(What is being asked): Without including any picture, return the complete set of records exactly.

----- Extracted material -----

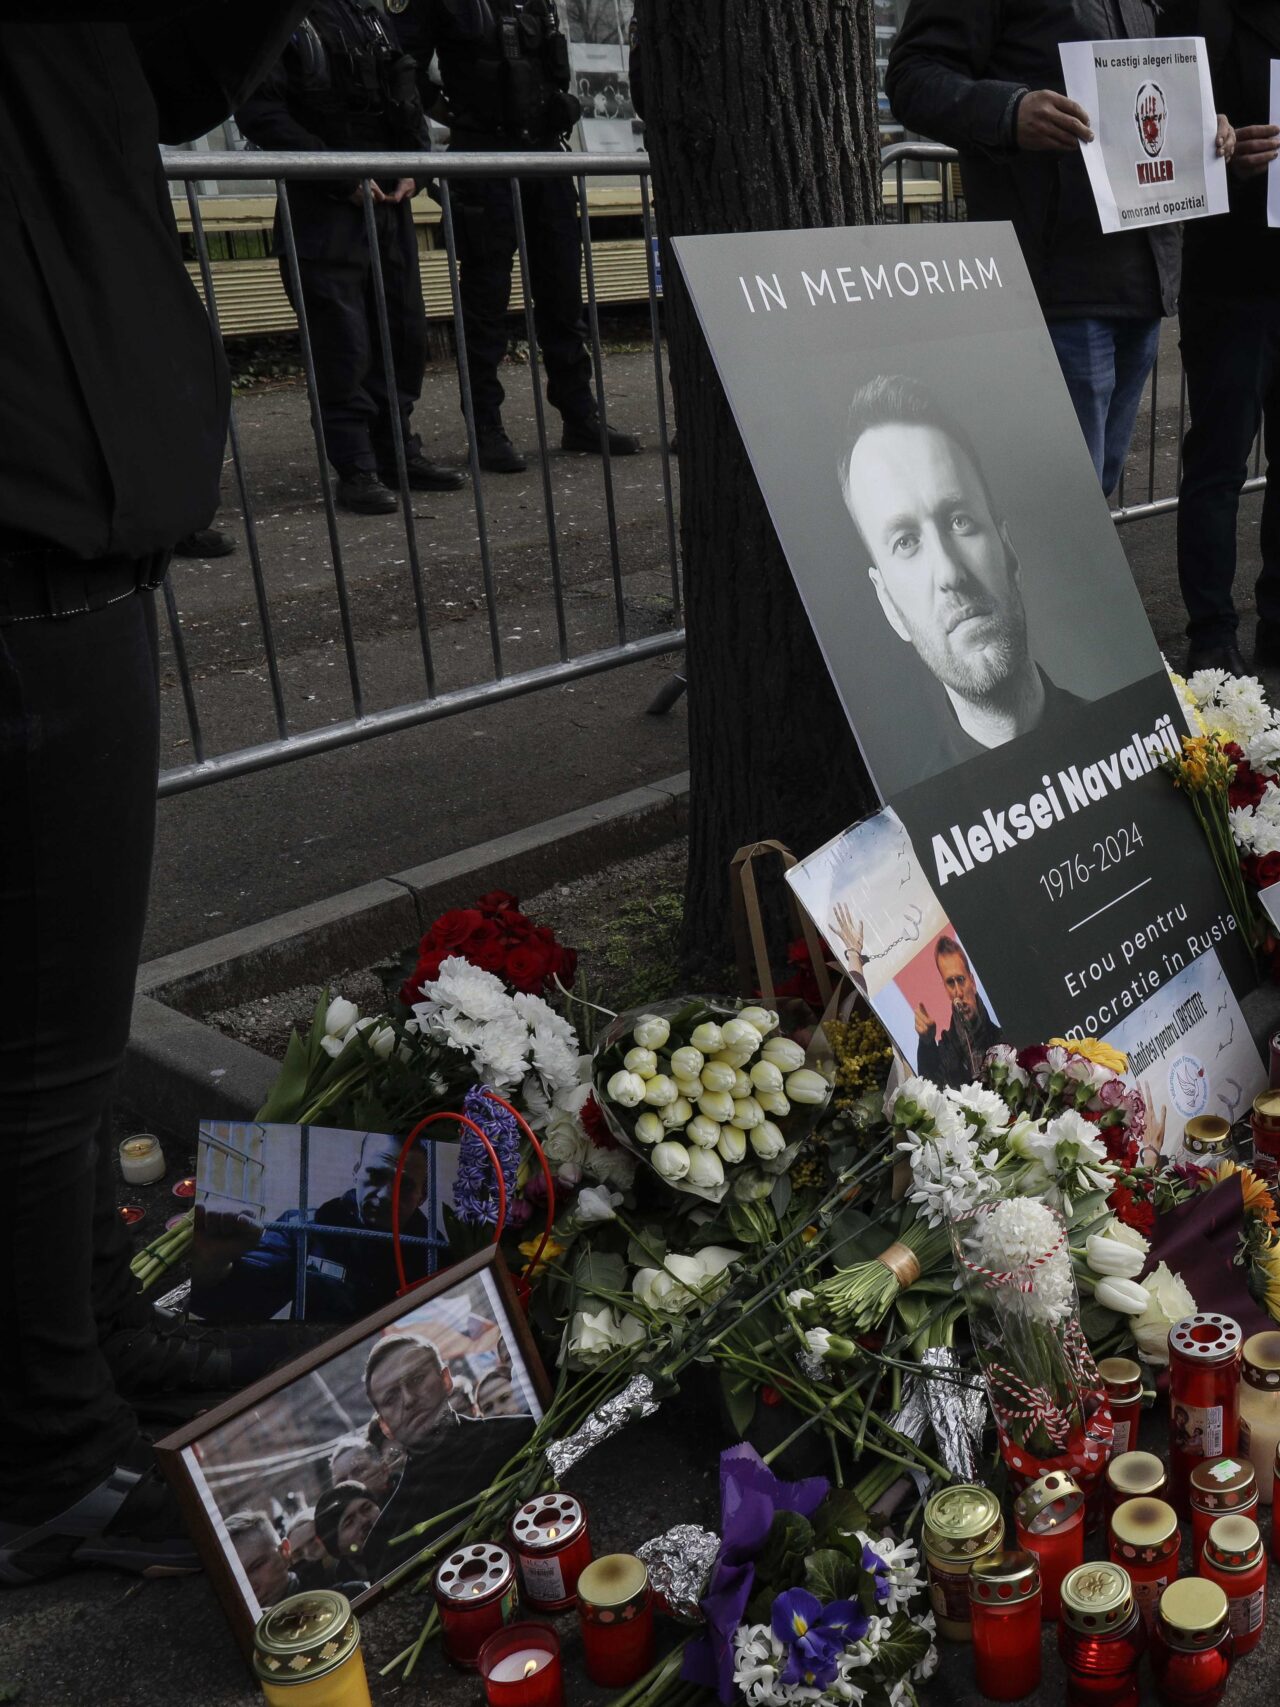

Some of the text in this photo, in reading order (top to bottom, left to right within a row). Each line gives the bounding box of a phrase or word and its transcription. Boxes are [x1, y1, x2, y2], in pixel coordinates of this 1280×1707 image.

[1095, 53, 1197, 69] Nu castigi alegeri libere
[1136, 160, 1174, 185] KILLER
[1121, 195, 1205, 219] omorand opozitia!
[739, 257, 1003, 312] IN MEMORIAM
[931, 775, 1065, 886] Aleksei
[1040, 822, 1144, 901] 1976-2024
[1064, 903, 1188, 998] Erou pentru
[1162, 954, 1185, 976] în
[1186, 914, 1238, 959] Rusia
[1126, 991, 1208, 1079] Manifest pentru LIBERTATE
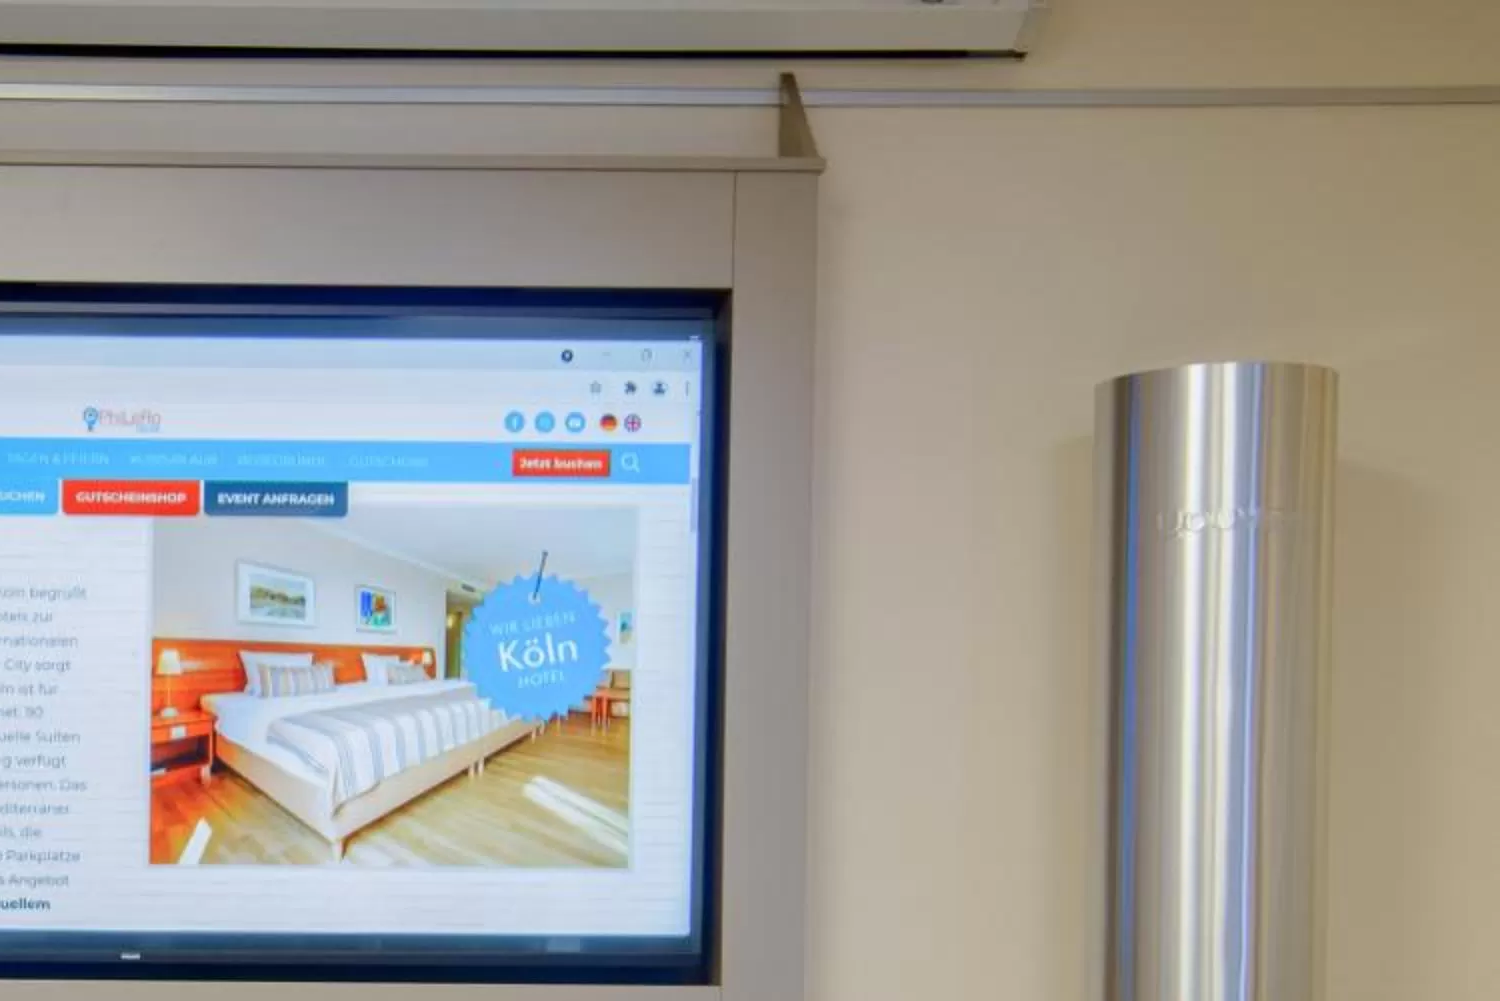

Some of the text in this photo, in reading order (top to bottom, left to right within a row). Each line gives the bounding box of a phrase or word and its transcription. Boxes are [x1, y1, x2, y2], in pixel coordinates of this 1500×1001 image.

[520, 457, 604, 471] Jetzt buchen
[75, 491, 187, 505] GUTSCHEINSHOP
[216, 491, 336, 507] EVENT ANFRAGEN
[498, 631, 580, 673] Köln
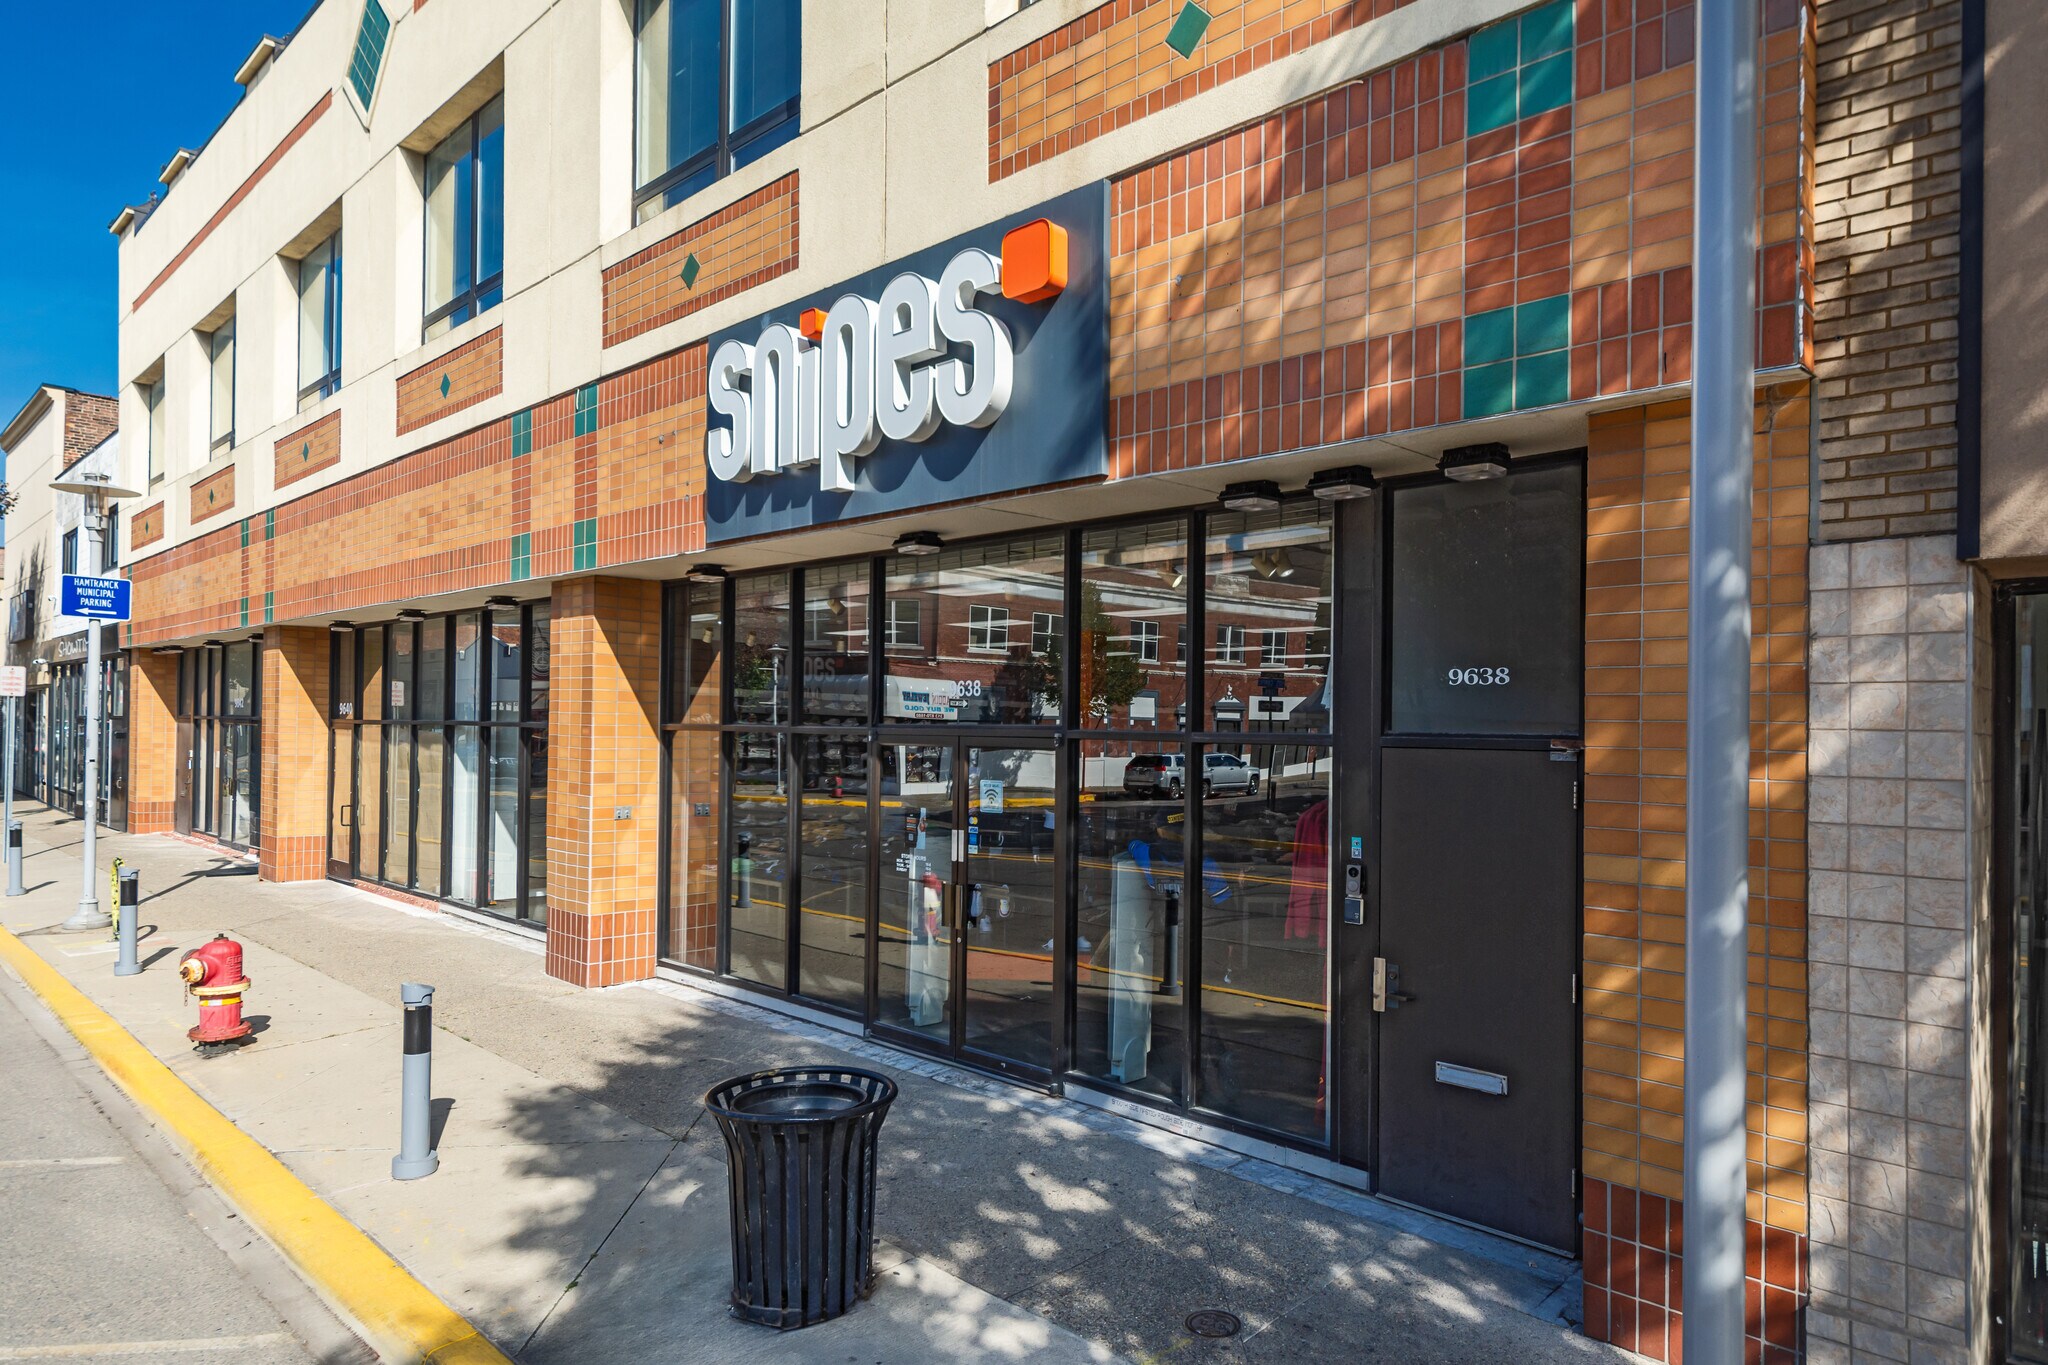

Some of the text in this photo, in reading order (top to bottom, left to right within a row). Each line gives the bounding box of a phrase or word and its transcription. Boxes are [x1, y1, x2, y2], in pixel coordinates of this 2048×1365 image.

-----

(Exercise response):
Some of the text in this photo, in reading order (top to bottom, left to right within a row). Each line gives the bounding box of a phrase or word and its transcription. Boxes are [x1, y1, x2, y2], in pixel coordinates of this 1280×1707 image.

[1095, 53, 1197, 69] Nu castigi alegeri libere
[1136, 160, 1174, 185] KILLER
[1121, 195, 1205, 219] omorand opozitia!
[739, 257, 1003, 312] IN MEMORIAM
[931, 775, 1065, 886] Aleksei
[1040, 822, 1144, 901] 1976-2024
[1064, 903, 1188, 998] Erou pentru
[1162, 954, 1185, 976] în
[1186, 914, 1238, 959] Rusia
[1126, 991, 1208, 1079] Manifest pentru LIBERTATE

Some of the text in this photo, in reading order (top to bottom, left to right within a row). Each line gives the bounding box of a phrase or word and its transcription. Boxes are [x1, y1, x2, y2], in pixel coordinates of this 1500×1001 image.

[520, 457, 604, 471] Jetzt buchen
[75, 491, 187, 505] GUTSCHEINSHOP
[216, 491, 336, 507] EVENT ANFRAGEN
[498, 631, 580, 673] Köln

Some of the text in this photo, in reading order (top to bottom, left to right within a row). Each line gives the bounding box of a phrase or word and its transcription. Boxes are [x1, y1, x2, y2], in pixel coordinates of this 2048×1365 image.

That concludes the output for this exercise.